I will rebase to main. Can we merge the height/width computation first? Perhaps you can also create a commit adding in the 7 safety bytes.

Done!

Image degradation: not to me, but I’m not a pathologist. Do you have a few images you can inspect?

Here is a comparison, image sampled at level 2, without interpolation:
output_no_interpolation
And with interpolation:
output_with_interpolation

To me, the image without interpolation looks much crisper, and the interpolated image looks fuzzy.

Also when we are actually using interpolation, nothing is stopping us to do interpolation on float levels. You could then e.g write tiffs at arbitrary resolutions

True, I think this could be a valid use case.
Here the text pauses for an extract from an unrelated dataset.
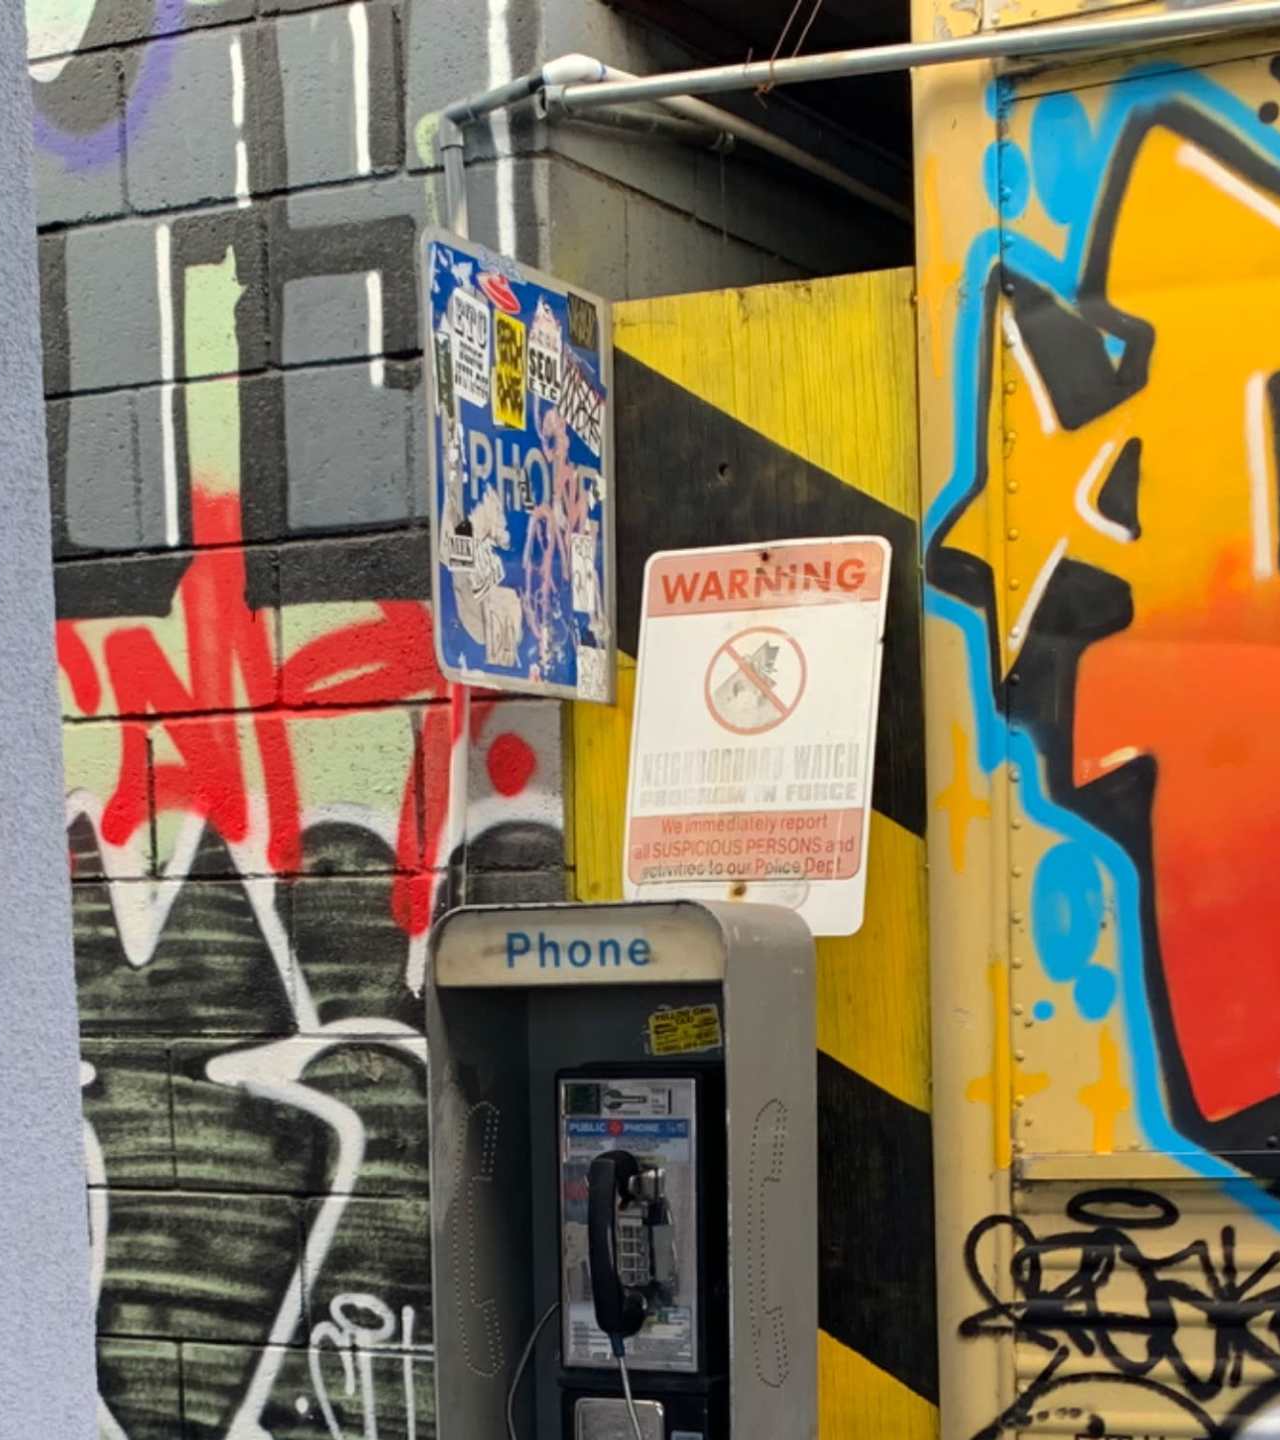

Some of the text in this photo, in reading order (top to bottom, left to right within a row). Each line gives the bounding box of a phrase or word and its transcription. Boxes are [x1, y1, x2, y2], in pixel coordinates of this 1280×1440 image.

Still, for TIFF conversion specifically, I think the best way to do it is to only reconstruct level 0 (without any interpolation), and then rebuild the pyramid by resampling manually (bicubic should be fine for that, I think?)

If I can figure out how stb_image_resize.h works would that be a good alternative for you? Also you do not really require it in SlideScape do you? If it works, we can profile it. If it ends up being slower we can always use pixman if it is available and otherwise stb_image_resize.h

For Slidescape, I can do interpolation on the GPU (simply by shifting the coordinates of the tile to the required offset), so there is no need. But yeah, stb_image_resize.h would in principle be acceptable I think. For random sampling of image regions using libisyntax, I am still trying to desperately worm my way out of the necessity, mainly because we have to weigh it against the image degradation. ;)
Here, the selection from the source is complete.